==== Source information

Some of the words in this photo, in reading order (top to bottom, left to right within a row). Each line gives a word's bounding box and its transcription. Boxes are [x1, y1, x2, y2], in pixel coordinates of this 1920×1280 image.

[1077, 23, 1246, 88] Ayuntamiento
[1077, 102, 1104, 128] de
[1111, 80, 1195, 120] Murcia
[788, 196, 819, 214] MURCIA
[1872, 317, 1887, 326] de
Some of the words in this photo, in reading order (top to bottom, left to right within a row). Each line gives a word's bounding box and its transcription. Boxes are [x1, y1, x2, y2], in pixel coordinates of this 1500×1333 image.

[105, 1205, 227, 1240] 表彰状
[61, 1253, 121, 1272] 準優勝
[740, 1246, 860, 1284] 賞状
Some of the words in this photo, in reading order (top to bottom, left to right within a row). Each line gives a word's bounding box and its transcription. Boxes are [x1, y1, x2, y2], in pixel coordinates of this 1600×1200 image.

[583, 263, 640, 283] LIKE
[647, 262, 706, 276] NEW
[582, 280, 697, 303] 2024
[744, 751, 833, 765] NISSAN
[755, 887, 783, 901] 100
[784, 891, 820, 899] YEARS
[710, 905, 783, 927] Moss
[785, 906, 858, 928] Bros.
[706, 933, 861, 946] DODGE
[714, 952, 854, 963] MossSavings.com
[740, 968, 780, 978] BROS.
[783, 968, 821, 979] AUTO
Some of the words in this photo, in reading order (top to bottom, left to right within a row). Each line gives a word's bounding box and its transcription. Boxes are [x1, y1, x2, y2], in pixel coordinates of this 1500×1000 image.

========

Task goal ::
Would you transcribe the entire listing above without any deviation?

Output of the task ::
Some of the words in this photo, in reading order (top to bottom, left to right within a row). Each line gives a word's bounding box and its transcription. Boxes are [x1, y1, x2, y2], in pixel coordinates of this 1920×1280 image.

[1077, 23, 1246, 88] Ayuntamiento
[1077, 102, 1104, 128] de
[1111, 80, 1195, 120] Murcia
[788, 196, 819, 214] MURCIA
[1872, 317, 1887, 326] de
Some of the words in this photo, in reading order (top to bottom, left to right within a row). Each line gives a word's bounding box and its transcription. Boxes are [x1, y1, x2, y2], in pixel coordinates of this 1500×1333 image.

[105, 1205, 227, 1240] 表彰状
[61, 1253, 121, 1272] 準優勝
[740, 1246, 860, 1284] 賞状
Some of the words in this photo, in reading order (top to bottom, left to right within a row). Each line gives a word's bounding box and its transcription. Boxes are [x1, y1, x2, y2], in pixel coordinates of this 1600×1200 image.

[583, 263, 640, 283] LIKE
[647, 262, 706, 276] NEW
[582, 280, 697, 303] 2024
[744, 751, 833, 765] NISSAN
[755, 887, 783, 901] 100
[784, 891, 820, 899] YEARS
[710, 905, 783, 927] Moss
[785, 906, 858, 928] Bros.
[706, 933, 861, 946] DODGE
[714, 952, 854, 963] MossSavings.com
[740, 968, 780, 978] BROS.
[783, 968, 821, 979] AUTO
Some of the words in this photo, in reading order (top to bottom, left to right within a row). Each line gives a word's bounding box and its transcription. Boxes are [x1, y1, x2, y2], in pixel coordinates of this 1500×1000 image.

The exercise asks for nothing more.